* _Work order_
Transcribe every line of the records verbatim.

___

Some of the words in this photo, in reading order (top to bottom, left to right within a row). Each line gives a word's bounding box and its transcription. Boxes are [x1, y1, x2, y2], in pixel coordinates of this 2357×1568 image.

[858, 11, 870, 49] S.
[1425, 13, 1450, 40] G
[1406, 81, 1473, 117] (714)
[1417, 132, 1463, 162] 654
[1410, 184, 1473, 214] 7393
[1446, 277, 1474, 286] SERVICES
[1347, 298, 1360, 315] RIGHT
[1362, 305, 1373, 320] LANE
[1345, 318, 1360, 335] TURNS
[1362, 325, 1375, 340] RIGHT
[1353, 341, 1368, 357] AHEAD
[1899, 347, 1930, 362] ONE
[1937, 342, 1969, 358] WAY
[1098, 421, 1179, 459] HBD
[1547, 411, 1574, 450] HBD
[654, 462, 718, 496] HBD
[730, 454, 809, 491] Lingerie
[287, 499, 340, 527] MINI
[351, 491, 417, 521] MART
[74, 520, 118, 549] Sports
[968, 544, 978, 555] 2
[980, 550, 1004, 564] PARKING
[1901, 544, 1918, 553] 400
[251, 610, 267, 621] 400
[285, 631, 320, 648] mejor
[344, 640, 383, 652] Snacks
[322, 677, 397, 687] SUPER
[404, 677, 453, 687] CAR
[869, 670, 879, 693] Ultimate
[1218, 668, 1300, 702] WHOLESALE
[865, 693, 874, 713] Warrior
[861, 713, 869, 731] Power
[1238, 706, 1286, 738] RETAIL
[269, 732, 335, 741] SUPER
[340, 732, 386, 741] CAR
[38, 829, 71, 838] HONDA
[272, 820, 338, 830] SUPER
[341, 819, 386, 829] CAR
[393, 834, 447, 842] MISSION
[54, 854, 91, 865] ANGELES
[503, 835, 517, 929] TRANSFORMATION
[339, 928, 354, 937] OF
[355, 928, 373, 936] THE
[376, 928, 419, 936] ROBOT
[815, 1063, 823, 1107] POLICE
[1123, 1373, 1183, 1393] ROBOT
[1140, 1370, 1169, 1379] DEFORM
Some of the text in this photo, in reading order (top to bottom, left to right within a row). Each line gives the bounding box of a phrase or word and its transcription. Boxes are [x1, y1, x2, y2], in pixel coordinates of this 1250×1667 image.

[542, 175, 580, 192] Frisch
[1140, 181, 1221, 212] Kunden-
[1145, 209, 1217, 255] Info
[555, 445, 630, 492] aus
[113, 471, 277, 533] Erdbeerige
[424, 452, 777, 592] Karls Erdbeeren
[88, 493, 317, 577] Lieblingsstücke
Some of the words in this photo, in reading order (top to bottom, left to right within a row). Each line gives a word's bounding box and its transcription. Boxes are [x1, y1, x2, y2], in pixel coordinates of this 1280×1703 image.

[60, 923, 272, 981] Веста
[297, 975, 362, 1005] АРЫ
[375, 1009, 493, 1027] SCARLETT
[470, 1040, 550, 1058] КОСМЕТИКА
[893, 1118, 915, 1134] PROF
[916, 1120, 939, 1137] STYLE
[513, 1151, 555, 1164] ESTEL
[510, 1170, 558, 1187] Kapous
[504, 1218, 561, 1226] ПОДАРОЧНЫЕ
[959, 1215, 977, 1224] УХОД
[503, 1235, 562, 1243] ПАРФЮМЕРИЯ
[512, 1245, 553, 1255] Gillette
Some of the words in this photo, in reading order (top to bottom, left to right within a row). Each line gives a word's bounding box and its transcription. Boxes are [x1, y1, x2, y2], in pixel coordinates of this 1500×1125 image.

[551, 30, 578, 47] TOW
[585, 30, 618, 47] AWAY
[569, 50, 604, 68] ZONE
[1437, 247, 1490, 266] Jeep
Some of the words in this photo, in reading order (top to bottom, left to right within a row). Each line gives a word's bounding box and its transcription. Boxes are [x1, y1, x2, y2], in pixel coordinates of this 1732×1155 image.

___

* _Written solution_
Some of the words in this photo, in reading order (top to bottom, left to right within a row). Each line gives a word's bounding box and its transcription. Boxes are [x1, y1, x2, y2], in pixel coordinates of this 2357×1568 image.

[858, 11, 870, 49] S.
[1425, 13, 1450, 40] G
[1406, 81, 1473, 117] (714)
[1417, 132, 1463, 162] 654
[1410, 184, 1473, 214] 7393
[1446, 277, 1474, 286] SERVICES
[1347, 298, 1360, 315] RIGHT
[1362, 305, 1373, 320] LANE
[1345, 318, 1360, 335] TURNS
[1362, 325, 1375, 340] RIGHT
[1353, 341, 1368, 357] AHEAD
[1899, 347, 1930, 362] ONE
[1937, 342, 1969, 358] WAY
[1098, 421, 1179, 459] HBD
[1547, 411, 1574, 450] HBD
[654, 462, 718, 496] HBD
[730, 454, 809, 491] Lingerie
[287, 499, 340, 527] MINI
[351, 491, 417, 521] MART
[74, 520, 118, 549] Sports
[968, 544, 978, 555] 2
[980, 550, 1004, 564] PARKING
[1901, 544, 1918, 553] 400
[251, 610, 267, 621] 400
[285, 631, 320, 648] mejor
[344, 640, 383, 652] Snacks
[322, 677, 397, 687] SUPER
[404, 677, 453, 687] CAR
[869, 670, 879, 693] Ultimate
[1218, 668, 1300, 702] WHOLESALE
[865, 693, 874, 713] Warrior
[861, 713, 869, 731] Power
[1238, 706, 1286, 738] RETAIL
[269, 732, 335, 741] SUPER
[340, 732, 386, 741] CAR
[38, 829, 71, 838] HONDA
[272, 820, 338, 830] SUPER
[341, 819, 386, 829] CAR
[393, 834, 447, 842] MISSION
[54, 854, 91, 865] ANGELES
[503, 835, 517, 929] TRANSFORMATION
[339, 928, 354, 937] OF
[355, 928, 373, 936] THE
[376, 928, 419, 936] ROBOT
[815, 1063, 823, 1107] POLICE
[1123, 1373, 1183, 1393] ROBOT
[1140, 1370, 1169, 1379] DEFORM
Some of the text in this photo, in reading order (top to bottom, left to right within a row). Each line gives the bounding box of a phrase or word and its transcription. Boxes are [x1, y1, x2, y2], in pixel coordinates of this 1250×1667 image.

[542, 175, 580, 192] Frisch
[1140, 181, 1221, 212] Kunden-
[1145, 209, 1217, 255] Info
[555, 445, 630, 492] aus
[113, 471, 277, 533] Erdbeerige
[424, 452, 777, 592] Karls Erdbeeren
[88, 493, 317, 577] Lieblingsstücke
Some of the words in this photo, in reading order (top to bottom, left to right within a row). Each line gives a word's bounding box and its transcription. Boxes are [x1, y1, x2, y2], in pixel coordinates of this 1280×1703 image.

[60, 923, 272, 981] Веста
[297, 975, 362, 1005] АРЫ
[375, 1009, 493, 1027] SCARLETT
[470, 1040, 550, 1058] КОСМЕТИКА
[893, 1118, 915, 1134] PROF
[916, 1120, 939, 1137] STYLE
[513, 1151, 555, 1164] ESTEL
[510, 1170, 558, 1187] Kapous
[504, 1218, 561, 1226] ПОДАРОЧНЫЕ
[959, 1215, 977, 1224] УХОД
[503, 1235, 562, 1243] ПАРФЮМЕРИЯ
[512, 1245, 553, 1255] Gillette
Some of the words in this photo, in reading order (top to bottom, left to right within a row). Each line gives a word's bounding box and its transcription. Boxes are [x1, y1, x2, y2], in pixel coordinates of this 1500×1125 image.

[551, 30, 578, 47] TOW
[585, 30, 618, 47] AWAY
[569, 50, 604, 68] ZONE
[1437, 247, 1490, 266] Jeep
Some of the words in this photo, in reading order (top to bottom, left to right within a row). Each line gives a word's bounding box and its transcription. Boxes are [x1, y1, x2, y2], in pixel coordinates of this 1732×1155 image.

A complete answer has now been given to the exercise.